[EXERCISE REQUIREMENTS]:
Word for word, copy out the entries below, but not the pictures in them.

========

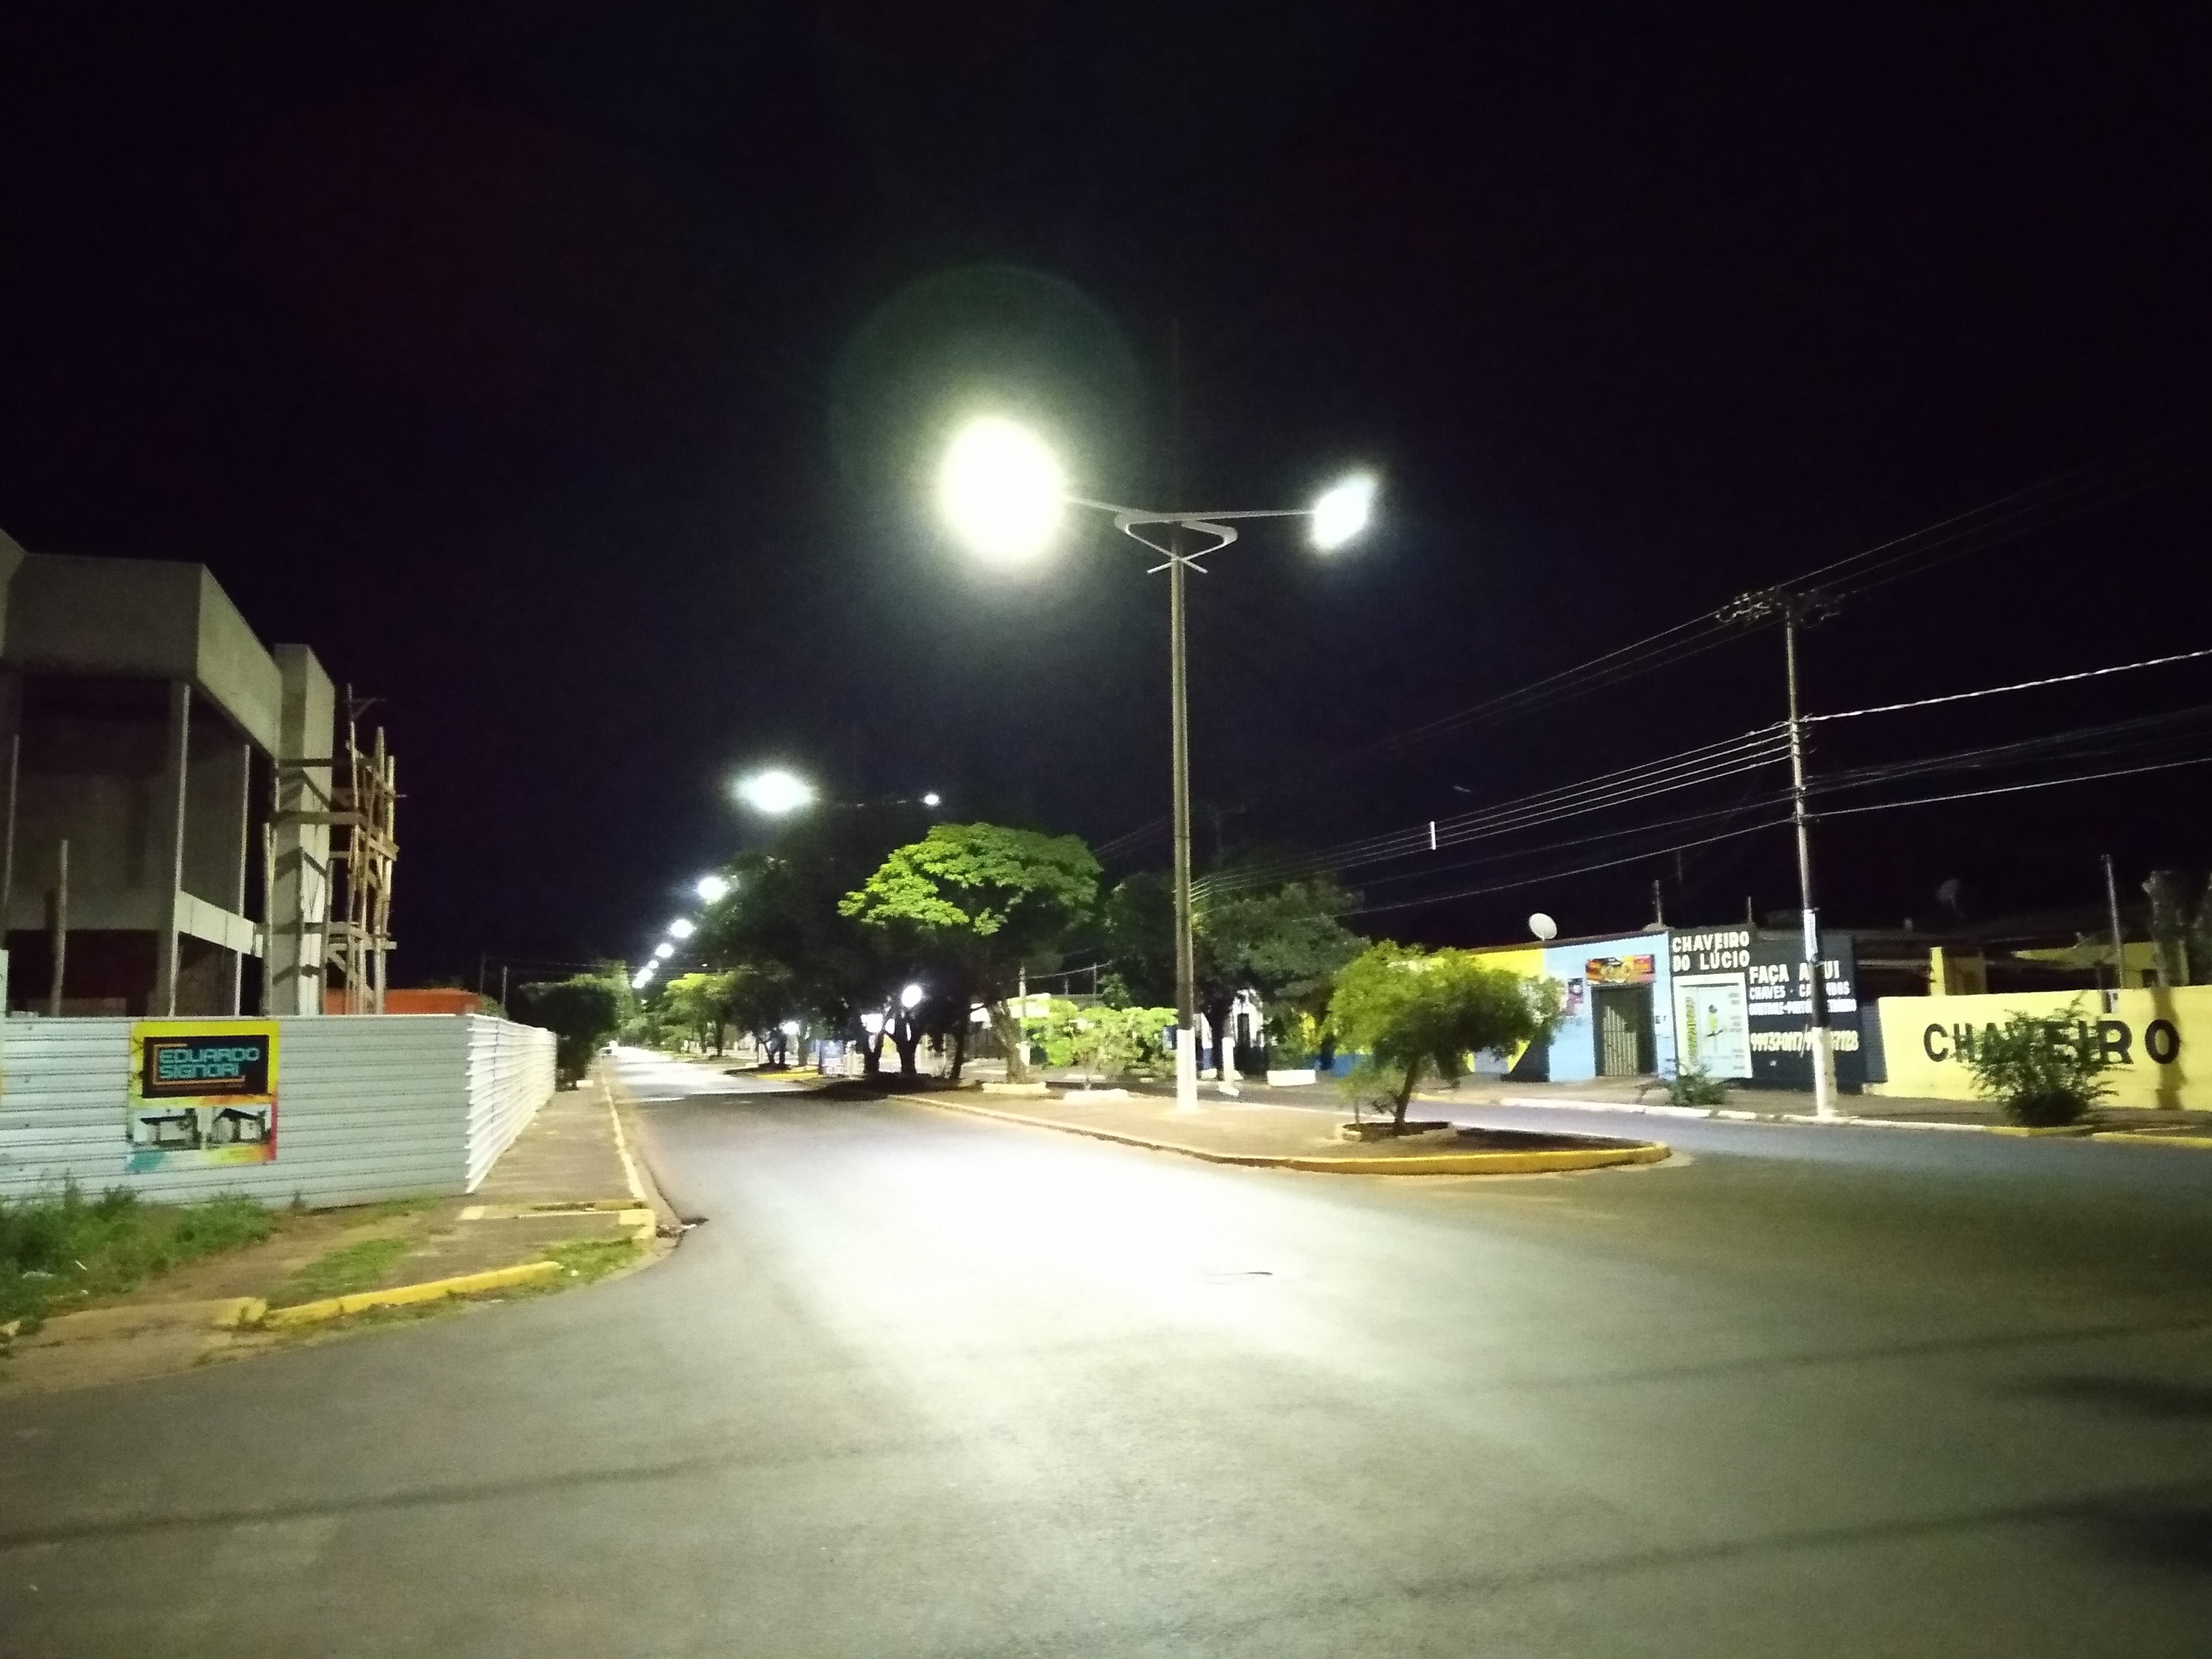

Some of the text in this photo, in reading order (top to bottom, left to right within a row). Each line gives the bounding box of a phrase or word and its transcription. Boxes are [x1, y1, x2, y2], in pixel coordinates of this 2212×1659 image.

[1672, 931, 1750, 952] CHAVEIRO
[1673, 954, 1691, 972] DO
[1749, 960, 1840, 985] FAÇA AUI
[1749, 985, 1786, 1000] CHAVES
[1923, 1019, 2181, 1065] CHAEIRO
[159, 1047, 260, 1063] EDUARDO
[159, 1063, 239, 1079] SIGNORI

========

[SOLUTION TO THIS EXERCISE]:
Some of the text in this photo, in reading order (top to bottom, left to right within a row). Each line gives the bounding box of a phrase or word and its transcription. Boxes are [x1, y1, x2, y2], in pixel coordinates of this 2212×1659 image.

[1672, 931, 1750, 952] CHAVEIRO
[1673, 954, 1691, 972] DO
[1749, 960, 1840, 985] FAÇA AUI
[1749, 985, 1786, 1000] CHAVES
[1923, 1019, 2181, 1065] CHAEIRO
[159, 1047, 260, 1063] EDUARDO
[159, 1063, 239, 1079] SIGNORI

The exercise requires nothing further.